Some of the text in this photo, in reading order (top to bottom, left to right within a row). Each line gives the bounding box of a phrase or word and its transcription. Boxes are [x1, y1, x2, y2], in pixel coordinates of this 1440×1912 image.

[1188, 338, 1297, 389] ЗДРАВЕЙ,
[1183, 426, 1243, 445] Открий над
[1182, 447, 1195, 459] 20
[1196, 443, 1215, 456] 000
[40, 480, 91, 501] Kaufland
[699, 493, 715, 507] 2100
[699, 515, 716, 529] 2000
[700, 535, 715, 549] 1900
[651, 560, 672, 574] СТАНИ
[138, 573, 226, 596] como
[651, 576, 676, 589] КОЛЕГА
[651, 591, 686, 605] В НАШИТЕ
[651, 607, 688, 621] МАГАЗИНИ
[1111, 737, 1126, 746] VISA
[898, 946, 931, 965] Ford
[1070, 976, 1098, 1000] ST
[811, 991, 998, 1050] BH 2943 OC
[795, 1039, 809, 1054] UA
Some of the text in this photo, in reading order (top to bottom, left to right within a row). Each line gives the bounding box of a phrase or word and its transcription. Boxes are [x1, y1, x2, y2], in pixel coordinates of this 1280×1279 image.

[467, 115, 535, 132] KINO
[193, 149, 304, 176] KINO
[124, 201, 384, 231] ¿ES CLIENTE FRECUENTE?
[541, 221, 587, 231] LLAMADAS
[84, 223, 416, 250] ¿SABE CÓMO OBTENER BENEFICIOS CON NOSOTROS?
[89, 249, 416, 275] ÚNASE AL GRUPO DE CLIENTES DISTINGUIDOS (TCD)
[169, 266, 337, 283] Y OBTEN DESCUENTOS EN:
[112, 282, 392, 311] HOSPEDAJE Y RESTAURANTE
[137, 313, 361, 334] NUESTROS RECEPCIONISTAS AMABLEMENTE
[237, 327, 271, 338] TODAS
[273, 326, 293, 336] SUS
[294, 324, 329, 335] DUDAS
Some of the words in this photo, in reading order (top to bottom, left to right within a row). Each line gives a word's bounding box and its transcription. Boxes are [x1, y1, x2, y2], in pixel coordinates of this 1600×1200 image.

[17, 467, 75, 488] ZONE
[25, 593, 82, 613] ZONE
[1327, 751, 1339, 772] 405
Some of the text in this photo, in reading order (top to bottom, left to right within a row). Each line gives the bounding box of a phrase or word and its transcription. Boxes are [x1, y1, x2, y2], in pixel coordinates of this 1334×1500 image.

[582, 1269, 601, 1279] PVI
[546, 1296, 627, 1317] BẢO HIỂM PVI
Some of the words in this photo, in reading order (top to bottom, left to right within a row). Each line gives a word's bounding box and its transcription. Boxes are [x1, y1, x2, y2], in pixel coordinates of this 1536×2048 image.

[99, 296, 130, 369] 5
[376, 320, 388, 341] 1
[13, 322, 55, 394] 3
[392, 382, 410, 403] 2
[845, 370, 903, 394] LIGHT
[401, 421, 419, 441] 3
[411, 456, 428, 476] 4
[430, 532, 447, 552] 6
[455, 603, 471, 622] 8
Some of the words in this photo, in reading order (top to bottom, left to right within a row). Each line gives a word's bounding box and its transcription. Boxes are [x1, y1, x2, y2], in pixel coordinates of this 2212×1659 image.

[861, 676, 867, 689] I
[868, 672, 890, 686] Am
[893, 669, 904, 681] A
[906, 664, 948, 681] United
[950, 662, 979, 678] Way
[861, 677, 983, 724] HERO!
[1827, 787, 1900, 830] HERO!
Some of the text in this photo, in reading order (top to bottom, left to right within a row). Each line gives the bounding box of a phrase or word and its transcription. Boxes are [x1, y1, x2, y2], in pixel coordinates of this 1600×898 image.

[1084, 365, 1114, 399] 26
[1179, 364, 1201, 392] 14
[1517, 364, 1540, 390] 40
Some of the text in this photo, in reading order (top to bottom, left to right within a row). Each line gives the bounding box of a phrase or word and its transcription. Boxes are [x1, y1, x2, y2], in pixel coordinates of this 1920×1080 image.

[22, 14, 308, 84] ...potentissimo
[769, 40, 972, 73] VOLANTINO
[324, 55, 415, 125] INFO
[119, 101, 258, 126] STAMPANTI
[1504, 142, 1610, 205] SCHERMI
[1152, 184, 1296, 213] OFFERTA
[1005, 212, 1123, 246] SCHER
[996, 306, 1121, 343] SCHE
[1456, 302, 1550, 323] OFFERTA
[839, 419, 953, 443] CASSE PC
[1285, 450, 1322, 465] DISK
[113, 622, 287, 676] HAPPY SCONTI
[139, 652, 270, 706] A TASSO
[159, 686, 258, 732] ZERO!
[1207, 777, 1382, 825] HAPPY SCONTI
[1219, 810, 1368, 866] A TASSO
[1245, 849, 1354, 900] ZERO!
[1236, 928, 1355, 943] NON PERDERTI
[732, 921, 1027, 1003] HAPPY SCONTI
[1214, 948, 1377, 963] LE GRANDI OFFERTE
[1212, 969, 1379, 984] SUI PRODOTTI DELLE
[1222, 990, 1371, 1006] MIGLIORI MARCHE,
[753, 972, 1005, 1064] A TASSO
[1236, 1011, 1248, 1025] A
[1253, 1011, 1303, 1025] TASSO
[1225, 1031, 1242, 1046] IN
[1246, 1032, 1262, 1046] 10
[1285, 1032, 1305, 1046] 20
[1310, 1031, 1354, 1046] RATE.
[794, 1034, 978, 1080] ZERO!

───

I need all of the records above retyped exactly, please.

__EXPECTED OUTPUT__.
Some of the text in this photo, in reading order (top to bottom, left to right within a row). Each line gives the bounding box of a phrase or word and its transcription. Boxes are [x1, y1, x2, y2], in pixel coordinates of this 1440×1912 image.

[1188, 338, 1297, 389] ЗДРАВЕЙ,
[1183, 426, 1243, 445] Открий над
[1182, 447, 1195, 459] 20
[1196, 443, 1215, 456] 000
[40, 480, 91, 501] Kaufland
[699, 493, 715, 507] 2100
[699, 515, 716, 529] 2000
[700, 535, 715, 549] 1900
[651, 560, 672, 574] СТАНИ
[138, 573, 226, 596] como
[651, 576, 676, 589] КОЛЕГА
[651, 591, 686, 605] В НАШИТЕ
[651, 607, 688, 621] МАГАЗИНИ
[1111, 737, 1126, 746] VISA
[898, 946, 931, 965] Ford
[1070, 976, 1098, 1000] ST
[811, 991, 998, 1050] BH 2943 OC
[795, 1039, 809, 1054] UA
Some of the text in this photo, in reading order (top to bottom, left to right within a row). Each line gives the bounding box of a phrase or word and its transcription. Boxes are [x1, y1, x2, y2], in pixel coordinates of this 1280×1279 image.

[467, 115, 535, 132] KINO
[193, 149, 304, 176] KINO
[124, 201, 384, 231] ¿ES CLIENTE FRECUENTE?
[541, 221, 587, 231] LLAMADAS
[84, 223, 416, 250] ¿SABE CÓMO OBTENER BENEFICIOS CON NOSOTROS?
[89, 249, 416, 275] ÚNASE AL GRUPO DE CLIENTES DISTINGUIDOS (TCD)
[169, 266, 337, 283] Y OBTEN DESCUENTOS EN:
[112, 282, 392, 311] HOSPEDAJE Y RESTAURANTE
[137, 313, 361, 334] NUESTROS RECEPCIONISTAS AMABLEMENTE
[237, 327, 271, 338] TODAS
[273, 326, 293, 336] SUS
[294, 324, 329, 335] DUDAS
Some of the words in this photo, in reading order (top to bottom, left to right within a row). Each line gives a word's bounding box and its transcription. Boxes are [x1, y1, x2, y2], in pixel coordinates of this 1600×1200 image.

[17, 467, 75, 488] ZONE
[25, 593, 82, 613] ZONE
[1327, 751, 1339, 772] 405
Some of the text in this photo, in reading order (top to bottom, left to right within a row). Each line gives the bounding box of a phrase or word and its transcription. Boxes are [x1, y1, x2, y2], in pixel coordinates of this 1334×1500 image.

[582, 1269, 601, 1279] PVI
[546, 1296, 627, 1317] BẢO HIỂM PVI
Some of the words in this photo, in reading order (top to bottom, left to right within a row). Each line gives a word's bounding box and its transcription. Boxes are [x1, y1, x2, y2], in pixel coordinates of this 1536×2048 image.

[99, 296, 130, 369] 5
[376, 320, 388, 341] 1
[13, 322, 55, 394] 3
[392, 382, 410, 403] 2
[845, 370, 903, 394] LIGHT
[401, 421, 419, 441] 3
[411, 456, 428, 476] 4
[430, 532, 447, 552] 6
[455, 603, 471, 622] 8
Some of the words in this photo, in reading order (top to bottom, left to right within a row). Each line gives a word's bounding box and its transcription. Boxes are [x1, y1, x2, y2], in pixel coordinates of this 2212×1659 image.

[861, 676, 867, 689] I
[868, 672, 890, 686] Am
[893, 669, 904, 681] A
[906, 664, 948, 681] United
[950, 662, 979, 678] Way
[861, 677, 983, 724] HERO!
[1827, 787, 1900, 830] HERO!
Some of the text in this photo, in reading order (top to bottom, left to right within a row). Each line gives the bounding box of a phrase or word and its transcription. Boxes are [x1, y1, x2, y2], in pixel coordinates of this 1600×898 image.

[1084, 365, 1114, 399] 26
[1179, 364, 1201, 392] 14
[1517, 364, 1540, 390] 40
Some of the text in this photo, in reading order (top to bottom, left to right within a row). Each line gives the bounding box of a phrase or word and its transcription. Boxes are [x1, y1, x2, y2], in pixel coordinates of this 1920×1080 image.

[22, 14, 308, 84] ...potentissimo
[769, 40, 972, 73] VOLANTINO
[324, 55, 415, 125] INFO
[119, 101, 258, 126] STAMPANTI
[1504, 142, 1610, 205] SCHERMI
[1152, 184, 1296, 213] OFFERTA
[1005, 212, 1123, 246] SCHER
[996, 306, 1121, 343] SCHE
[1456, 302, 1550, 323] OFFERTA
[839, 419, 953, 443] CASSE PC
[1285, 450, 1322, 465] DISK
[113, 622, 287, 676] HAPPY SCONTI
[139, 652, 270, 706] A TASSO
[159, 686, 258, 732] ZERO!
[1207, 777, 1382, 825] HAPPY SCONTI
[1219, 810, 1368, 866] A TASSO
[1245, 849, 1354, 900] ZERO!
[1236, 928, 1355, 943] NON PERDERTI
[732, 921, 1027, 1003] HAPPY SCONTI
[1214, 948, 1377, 963] LE GRANDI OFFERTE
[1212, 969, 1379, 984] SUI PRODOTTI DELLE
[1222, 990, 1371, 1006] MIGLIORI MARCHE,
[753, 972, 1005, 1064] A TASSO
[1236, 1011, 1248, 1025] A
[1253, 1011, 1303, 1025] TASSO
[1225, 1031, 1242, 1046] IN
[1246, 1032, 1262, 1046] 10
[1285, 1032, 1305, 1046] 20
[1310, 1031, 1354, 1046] RATE.
[794, 1034, 978, 1080] ZERO!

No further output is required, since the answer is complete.